O antropomorfismo é um pecado?

Recentemente, fiz uma palestra para um público de cientistas e professores universitários durante o qual me referi à "personalidade" dos cães e ao fato de os cães poderem experimentar emoções como o amor e o desgosto. Um pesquisador de animais bem conhecido levantou-se e me acusou de "antropomorfização" excessiva. Em linguagem cotidiana, ele estava sugerindo que eu estava tratando cães como se fossem simplesmente pessoas de quatro patas em casacos de pele. Entre as pessoas que estudam cachorros ou qualquer outro animal, isso é considerado um pecado cardinal. A palavra que o antropomorfismo vem vem das palavras gregas anthro para humanos e morph para forma e se destina a referir-se ao hábito de atribuir qualidades e emoções humanas a seres não humanos. É algo que os humanos fazemos de forma bastante automática.

Esta acusação de antropomorfismo da minha parte me lembrou uma conversa que tive com Donald O. Hebb no início da década de 1980. Ele era um psicólogo brilhante cuja pesquisa primeiro nos deu um entendimento sobre como as interações com o meio ambiente realmente ajudam a mudar a estrutura do cérebro de um indivíduo.

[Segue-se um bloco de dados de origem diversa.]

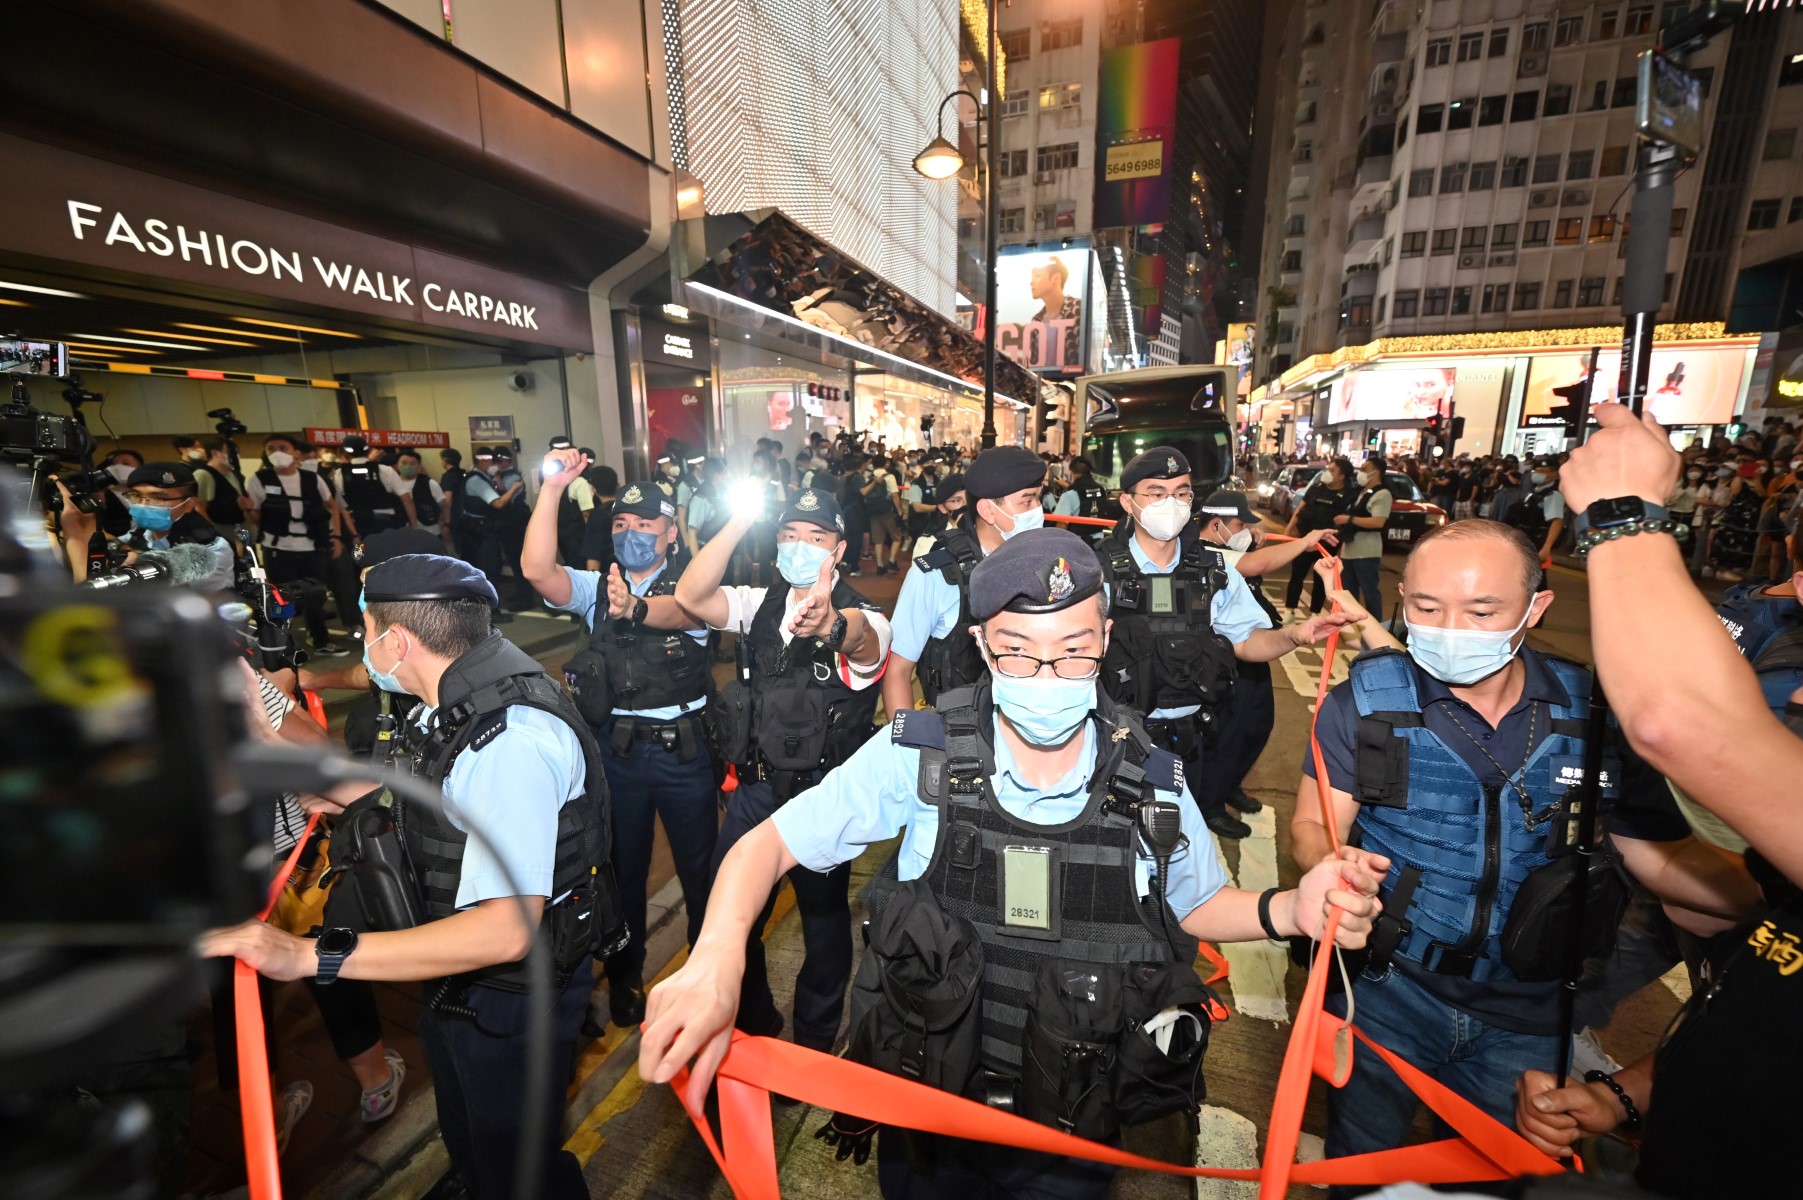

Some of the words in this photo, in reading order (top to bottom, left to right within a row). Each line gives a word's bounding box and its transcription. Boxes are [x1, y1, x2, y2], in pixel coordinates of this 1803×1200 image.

[67, 200, 303, 283] FASHION
[312, 256, 414, 306] WALK
[423, 283, 539, 331] CARPARK
[387, 432, 427, 445] HEADROOM
[428, 433, 444, 445] 1.7M
[893, 712, 906, 738] 28321
[1173, 759, 1184, 788] 28321
[1011, 907, 1039, 920] 28321
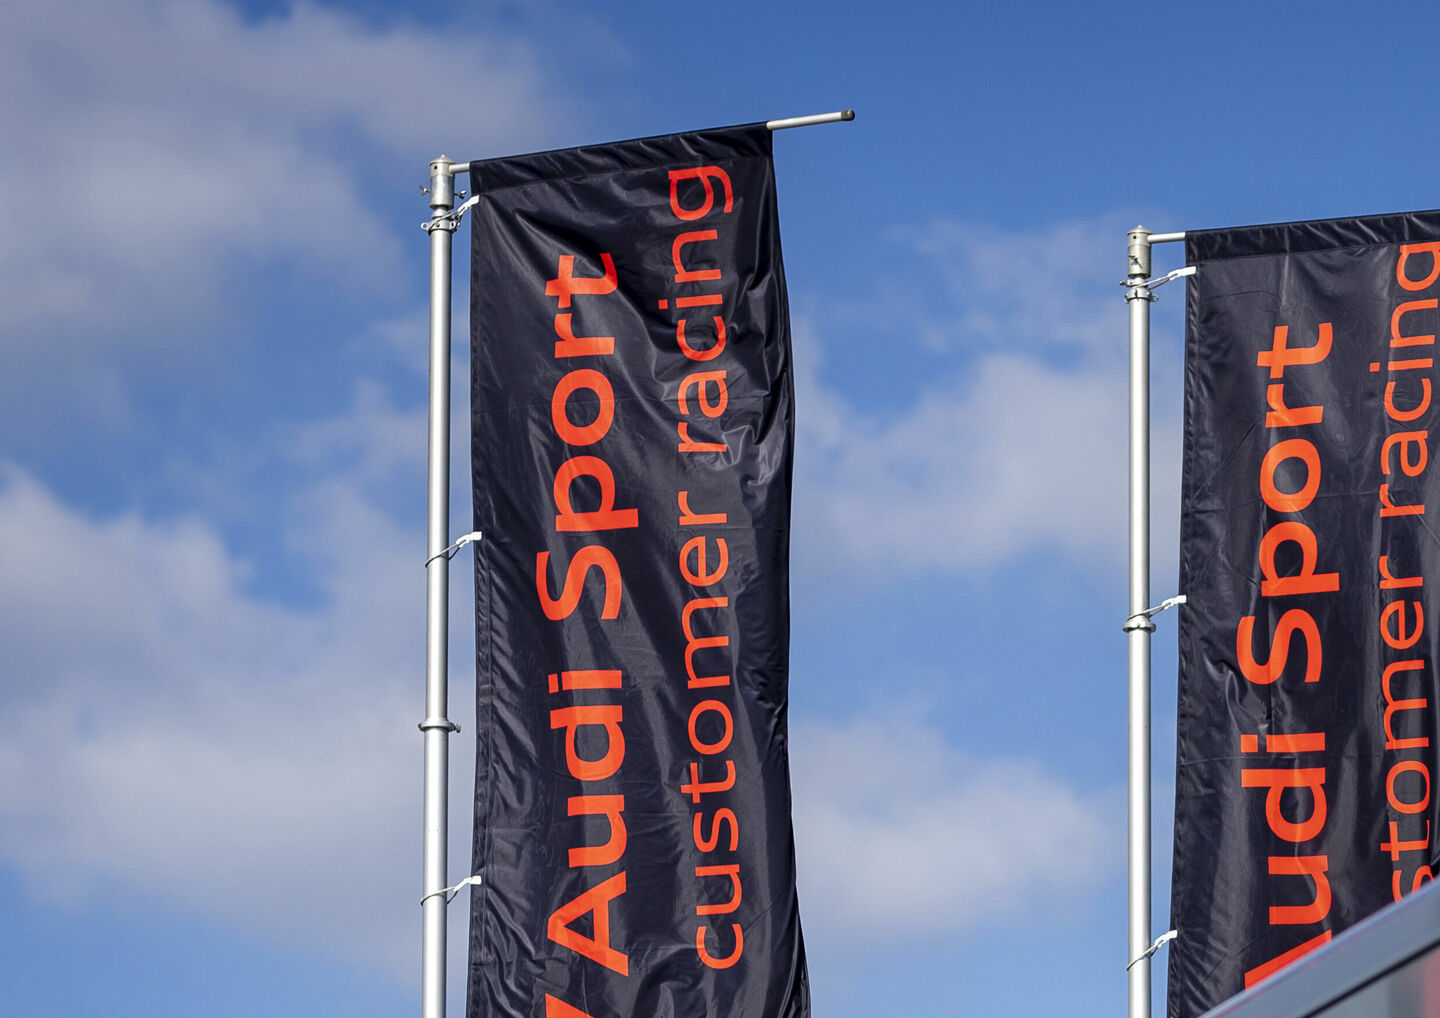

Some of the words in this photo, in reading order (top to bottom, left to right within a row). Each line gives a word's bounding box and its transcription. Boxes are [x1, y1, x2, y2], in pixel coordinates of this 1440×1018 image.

[536, 252, 639, 622] Sport
[658, 165, 734, 455] racing
[1237, 321, 1340, 684] Sport
[547, 669, 629, 977] Audi
[678, 490, 745, 970] customer
[1379, 554, 1436, 904] stomer
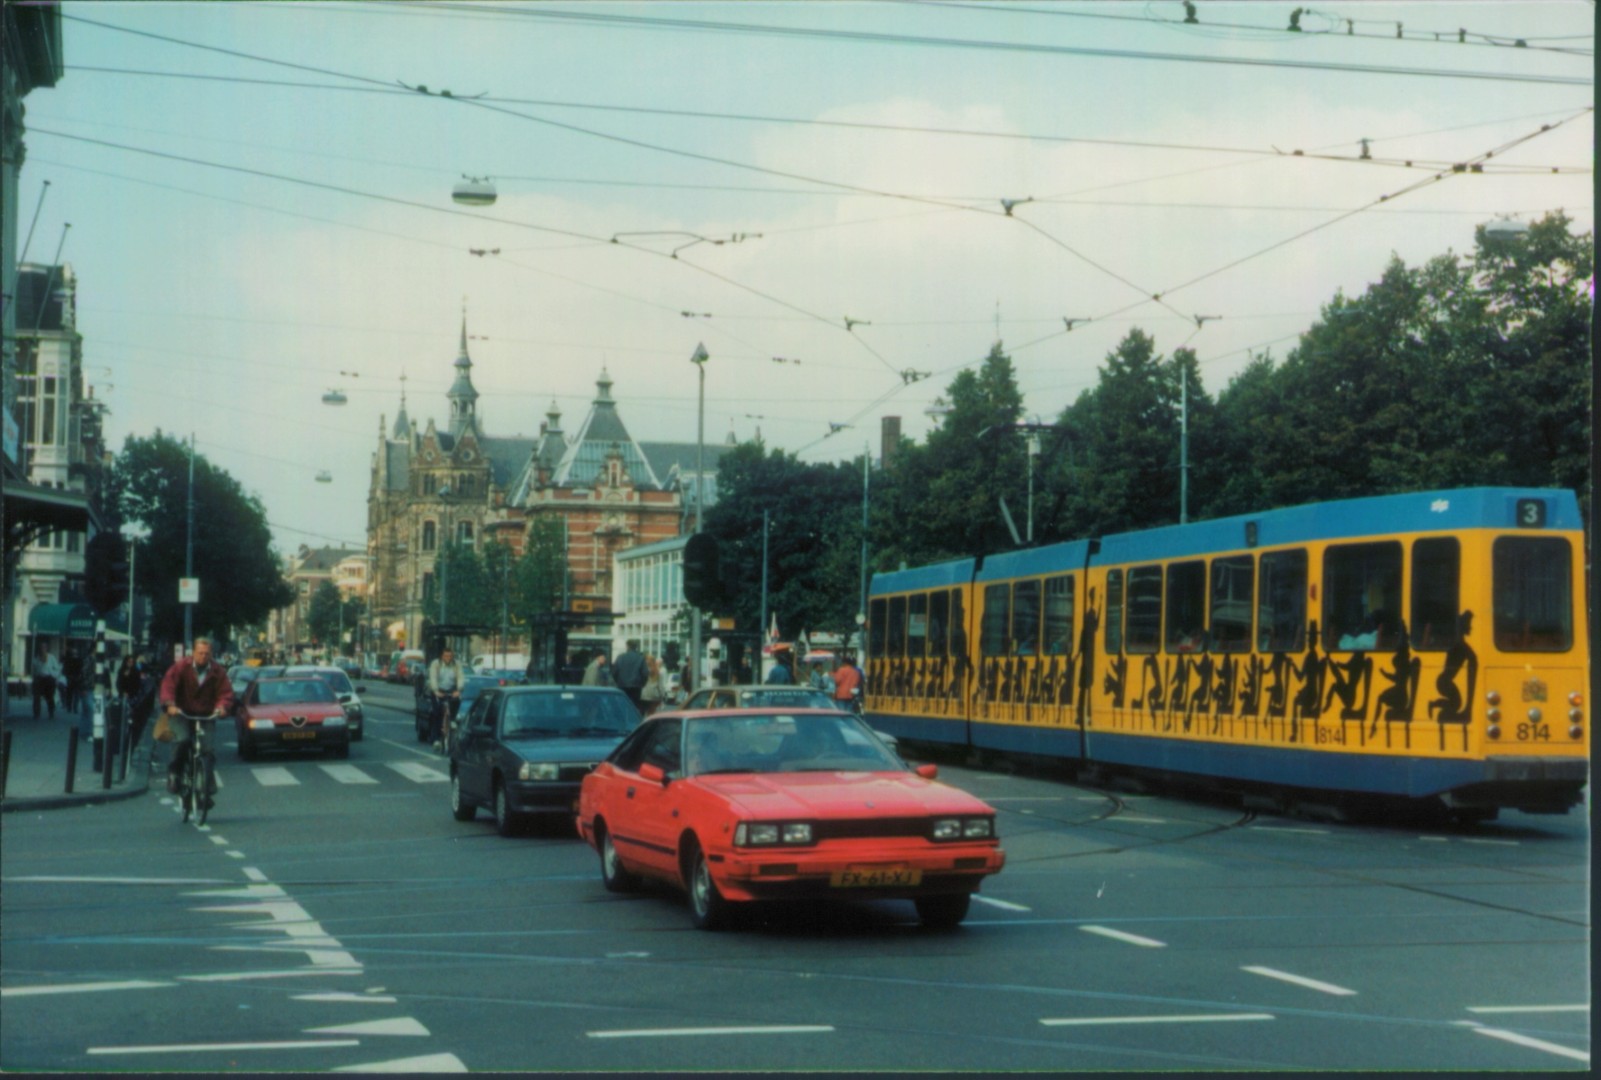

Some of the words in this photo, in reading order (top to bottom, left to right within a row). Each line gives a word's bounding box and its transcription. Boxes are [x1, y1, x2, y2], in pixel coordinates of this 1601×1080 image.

[1524, 503, 1538, 524] 3
[1319, 726, 1342, 744] 814
[1516, 722, 1551, 741] 814
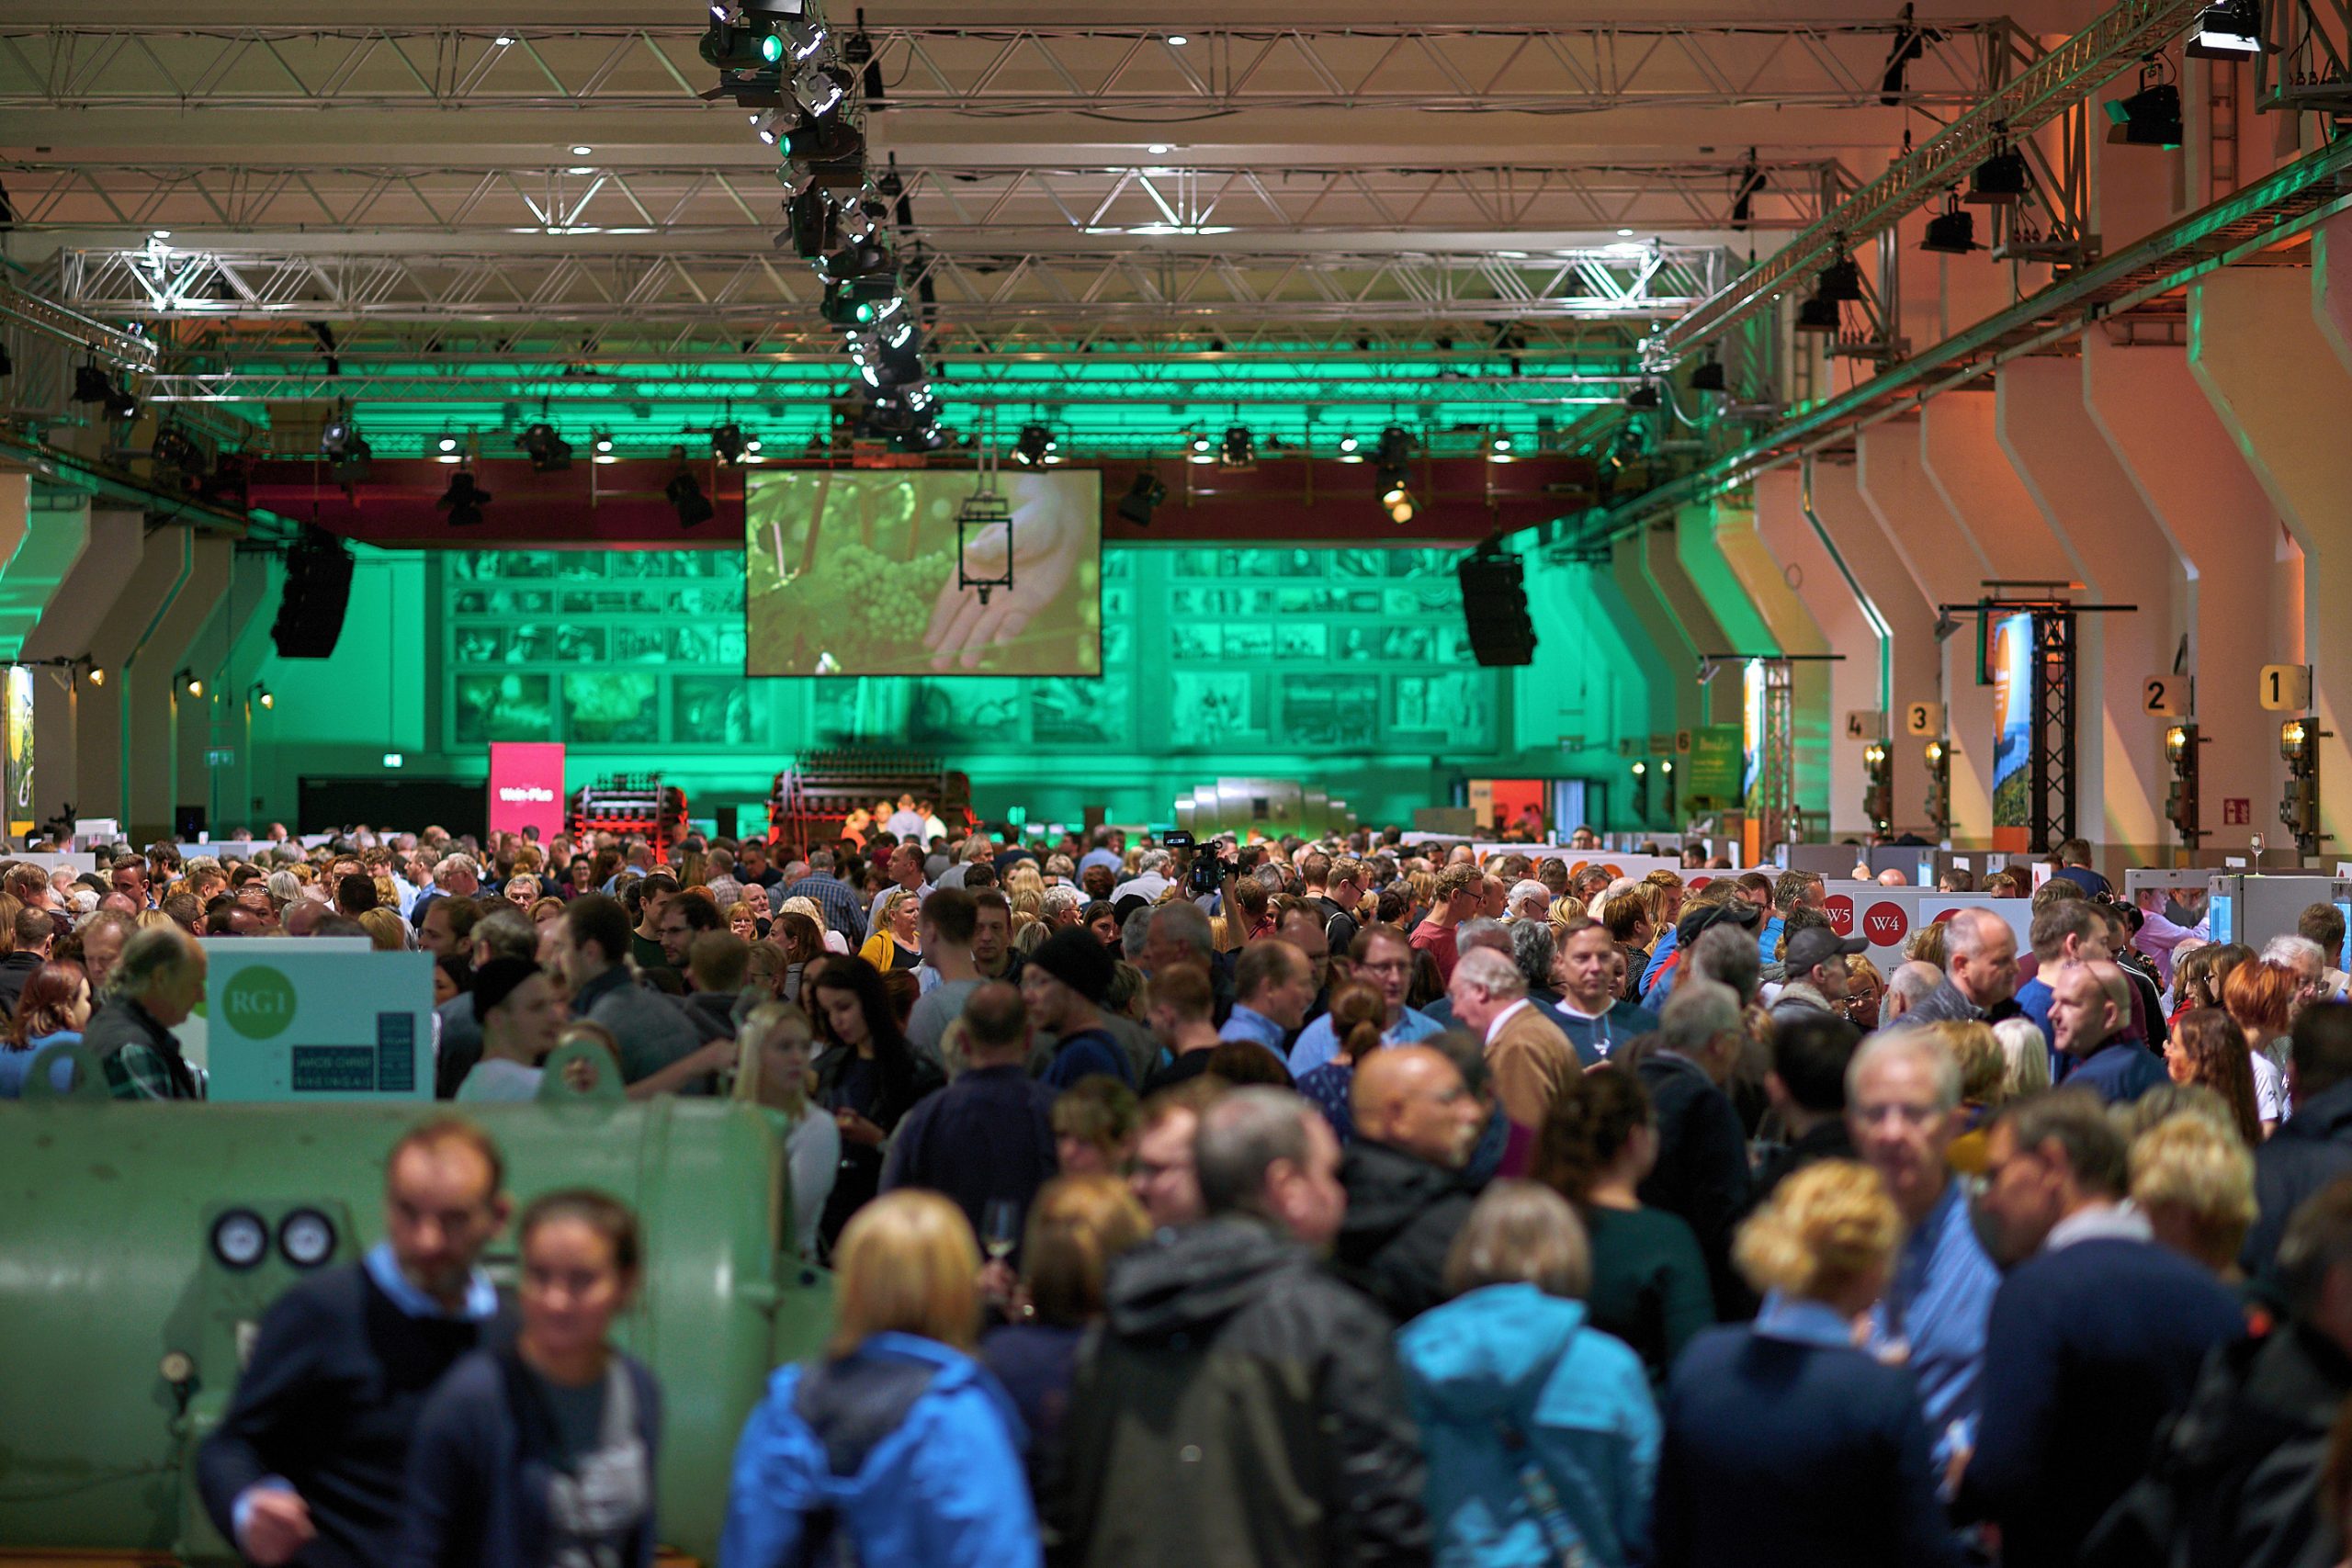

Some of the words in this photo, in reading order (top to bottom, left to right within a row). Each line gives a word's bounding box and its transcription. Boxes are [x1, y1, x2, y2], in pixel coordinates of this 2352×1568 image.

Hebb terminou de dar uma série de palestras na universidade e agora estávamos sentados na sala de estar de um colega conversando. À medida que eu reconstruo seus comentários na minha mente, eles começaram depois que eu mencionei a Hebb que eu estava pensando em escrever um livro sobre a inteligência dos cães e, em seguida, segui-lo com um livro sobre a personalidade dos cães.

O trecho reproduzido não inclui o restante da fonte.